START The data
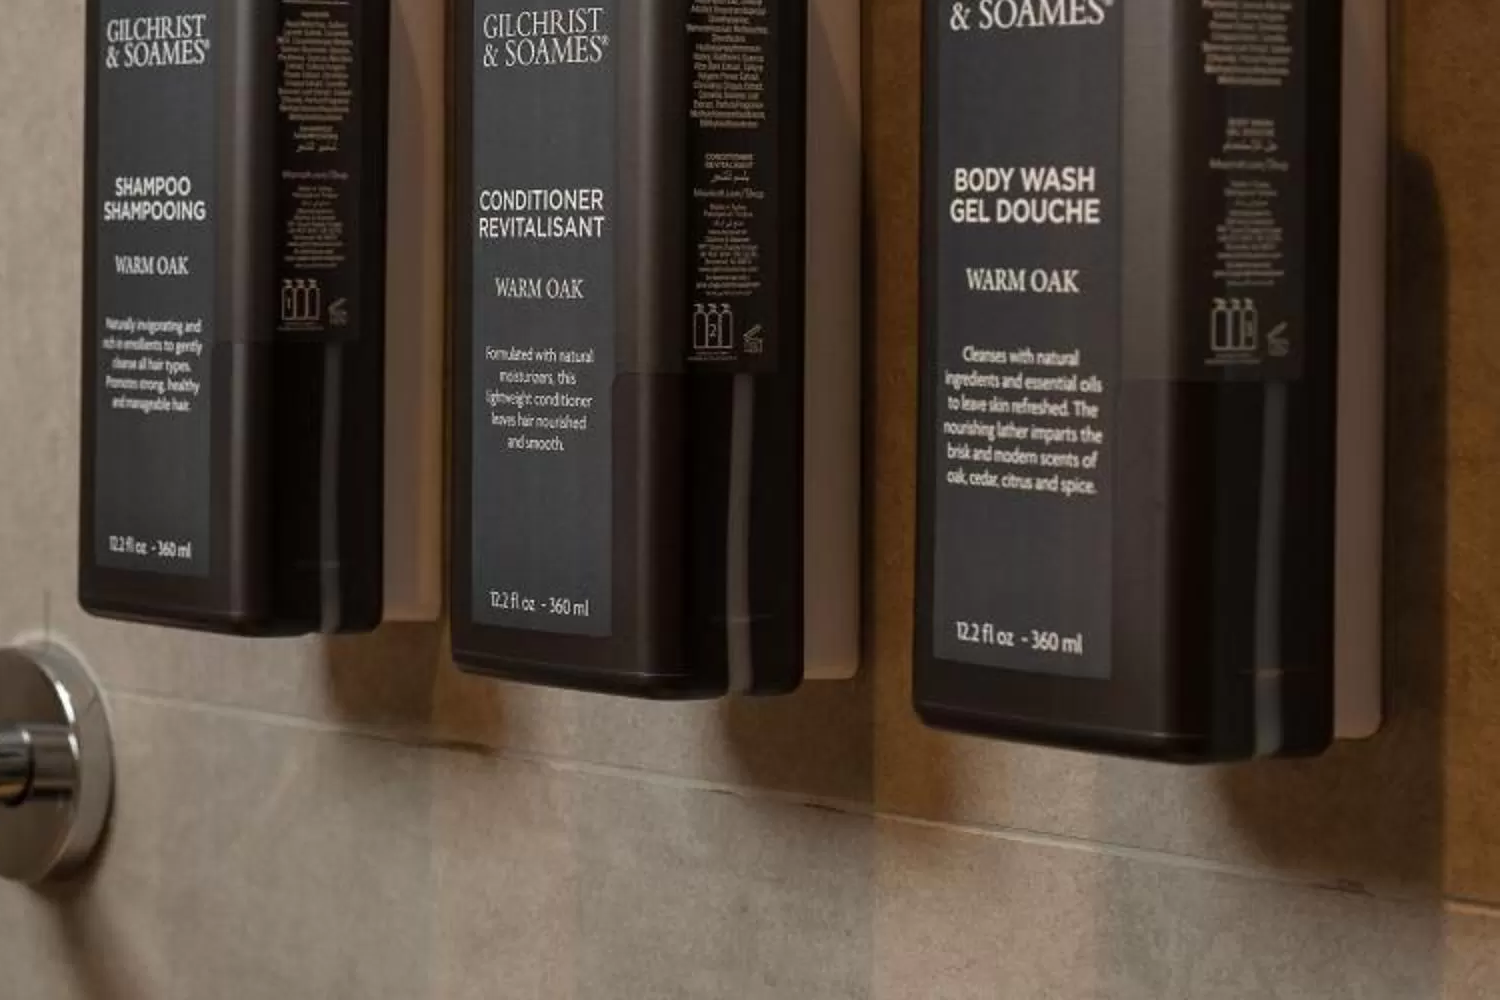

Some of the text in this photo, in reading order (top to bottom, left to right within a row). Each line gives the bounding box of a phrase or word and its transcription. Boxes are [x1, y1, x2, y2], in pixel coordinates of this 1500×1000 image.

[483, 7, 604, 39] GILCHRIST
[950, 2, 970, 31] &
[106, 14, 207, 43] GILCHRIST
[105, 45, 120, 69] &
[483, 43, 499, 68] &
[115, 176, 192, 197] SHAMPOO
[955, 166, 1096, 192] BODY WASH
[103, 200, 207, 221] SHAMPOOING
[479, 188, 604, 211] CONDITIONER
[950, 198, 1100, 224] GEL DOUCHE
[479, 215, 605, 238] REVITALISANT
[115, 255, 189, 276] WARM OAK
[495, 276, 584, 299] WARM OAK
[966, 267, 1080, 294] WARM OAK
[185, 317, 202, 333] and
[163, 340, 175, 352] to
[175, 339, 203, 357] gently
[485, 345, 595, 363] Formulated with natural
[962, 345, 1080, 367] Cleanses with natural
[167, 377, 200, 397] healthy
[557, 369, 577, 385] this
[944, 369, 1103, 393] ingredients and essential oils
[533, 392, 593, 407] conditioner
[948, 396, 960, 411] to
[961, 394, 987, 412] leave
[989, 396, 1010, 413] skin
[1072, 400, 1099, 419] The
[517, 411, 535, 427] hair
[535, 414, 587, 430] nourished
[943, 419, 1103, 446] nourishing lather imparts the
[947, 442, 1098, 469] brisk and modern scents of
[1001, 473, 1033, 490] citrus
[1034, 474, 1059, 492] and
[157, 540, 176, 557] 360
[178, 541, 191, 558] ml
[510, 591, 519, 609] fl
[549, 596, 571, 615] 360
[573, 599, 589, 617] ml
[982, 622, 994, 645] fl
[1031, 629, 1059, 652] 360
[1061, 633, 1083, 656] ml
END The data
Your goal >> Since the copy should hold text only, set down each record exactly and leave the pictures out.

Solved problem >>
Some of the text in this photo, in reading order (top to bottom, left to right within a row). Each line gives the bounding box of a phrase or word and its transcription. Boxes are [x1, y1, x2, y2], in pixel coordinates of this 1500×1000 image.

[483, 7, 604, 39] GILCHRIST
[950, 2, 970, 31] &
[106, 14, 207, 43] GILCHRIST
[105, 45, 120, 69] &
[483, 43, 499, 68] &
[115, 176, 192, 197] SHAMPOO
[955, 166, 1096, 192] BODY WASH
[103, 200, 207, 221] SHAMPOOING
[479, 188, 604, 211] CONDITIONER
[950, 198, 1100, 224] GEL DOUCHE
[479, 215, 605, 238] REVITALISANT
[115, 255, 189, 276] WARM OAK
[495, 276, 584, 299] WARM OAK
[966, 267, 1080, 294] WARM OAK
[185, 317, 202, 333] and
[163, 340, 175, 352] to
[175, 339, 203, 357] gently
[485, 345, 595, 363] Formulated with natural
[962, 345, 1080, 367] Cleanses with natural
[167, 377, 200, 397] healthy
[557, 369, 577, 385] this
[944, 369, 1103, 393] ingredients and essential oils
[533, 392, 593, 407] conditioner
[948, 396, 960, 411] to
[961, 394, 987, 412] leave
[989, 396, 1010, 413] skin
[1072, 400, 1099, 419] The
[517, 411, 535, 427] hair
[535, 414, 587, 430] nourished
[943, 419, 1103, 446] nourishing lather imparts the
[947, 442, 1098, 469] brisk and modern scents of
[1001, 473, 1033, 490] citrus
[1034, 474, 1059, 492] and
[157, 540, 176, 557] 360
[178, 541, 191, 558] ml
[510, 591, 519, 609] fl
[549, 596, 571, 615] 360
[573, 599, 589, 617] ml
[982, 622, 994, 645] fl
[1031, 629, 1059, 652] 360
[1061, 633, 1083, 656] ml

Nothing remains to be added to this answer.